### Exercise prompt
Each line shown below should be copied exactly.

Text-to-region grounding data
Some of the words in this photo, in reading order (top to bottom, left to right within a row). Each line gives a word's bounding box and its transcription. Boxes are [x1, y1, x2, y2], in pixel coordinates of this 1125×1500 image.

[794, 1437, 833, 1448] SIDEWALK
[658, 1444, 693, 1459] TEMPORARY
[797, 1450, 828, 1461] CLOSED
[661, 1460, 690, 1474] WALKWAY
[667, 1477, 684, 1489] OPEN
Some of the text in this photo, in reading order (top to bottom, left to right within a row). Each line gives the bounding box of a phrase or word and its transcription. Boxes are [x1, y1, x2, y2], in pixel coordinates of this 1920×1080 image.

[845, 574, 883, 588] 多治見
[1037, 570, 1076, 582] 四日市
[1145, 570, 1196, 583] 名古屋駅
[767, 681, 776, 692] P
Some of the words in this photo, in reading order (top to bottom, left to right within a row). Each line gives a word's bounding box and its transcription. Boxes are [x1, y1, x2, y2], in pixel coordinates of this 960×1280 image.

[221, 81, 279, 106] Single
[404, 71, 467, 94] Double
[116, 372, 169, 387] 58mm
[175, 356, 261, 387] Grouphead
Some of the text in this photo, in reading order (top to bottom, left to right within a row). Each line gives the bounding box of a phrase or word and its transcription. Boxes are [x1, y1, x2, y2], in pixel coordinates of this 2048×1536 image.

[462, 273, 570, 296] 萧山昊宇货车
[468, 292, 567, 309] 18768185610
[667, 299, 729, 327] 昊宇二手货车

### Task result
Some of the words in this photo, in reading order (top to bottom, left to right within a row). Each line gives a word's bounding box and its transcription. Boxes are [x1, y1, x2, y2], in pixel coordinates of this 1125×1500 image.

[794, 1437, 833, 1448] SIDEWALK
[658, 1444, 693, 1459] TEMPORARY
[797, 1450, 828, 1461] CLOSED
[661, 1460, 690, 1474] WALKWAY
[667, 1477, 684, 1489] OPEN
Some of the text in this photo, in reading order (top to bottom, left to right within a row). Each line gives the bounding box of a phrase or word and its transcription. Boxes are [x1, y1, x2, y2], in pixel coordinates of this 1920×1080 image.

[845, 574, 883, 588] 多治見
[1037, 570, 1076, 582] 四日市
[1145, 570, 1196, 583] 名古屋駅
[767, 681, 776, 692] P
Some of the words in this photo, in reading order (top to bottom, left to right within a row). Each line gives a word's bounding box and its transcription. Boxes are [x1, y1, x2, y2], in pixel coordinates of this 960×1280 image.

[221, 81, 279, 106] Single
[404, 71, 467, 94] Double
[116, 372, 169, 387] 58mm
[175, 356, 261, 387] Grouphead
Some of the text in this photo, in reading order (top to bottom, left to right within a row). Each line gives the bounding box of a phrase or word and its transcription. Boxes are [x1, y1, x2, y2], in pixel coordinates of this 2048×1536 image.

[462, 273, 570, 296] 萧山昊宇货车
[468, 292, 567, 309] 18768185610
[667, 299, 729, 327] 昊宇二手货车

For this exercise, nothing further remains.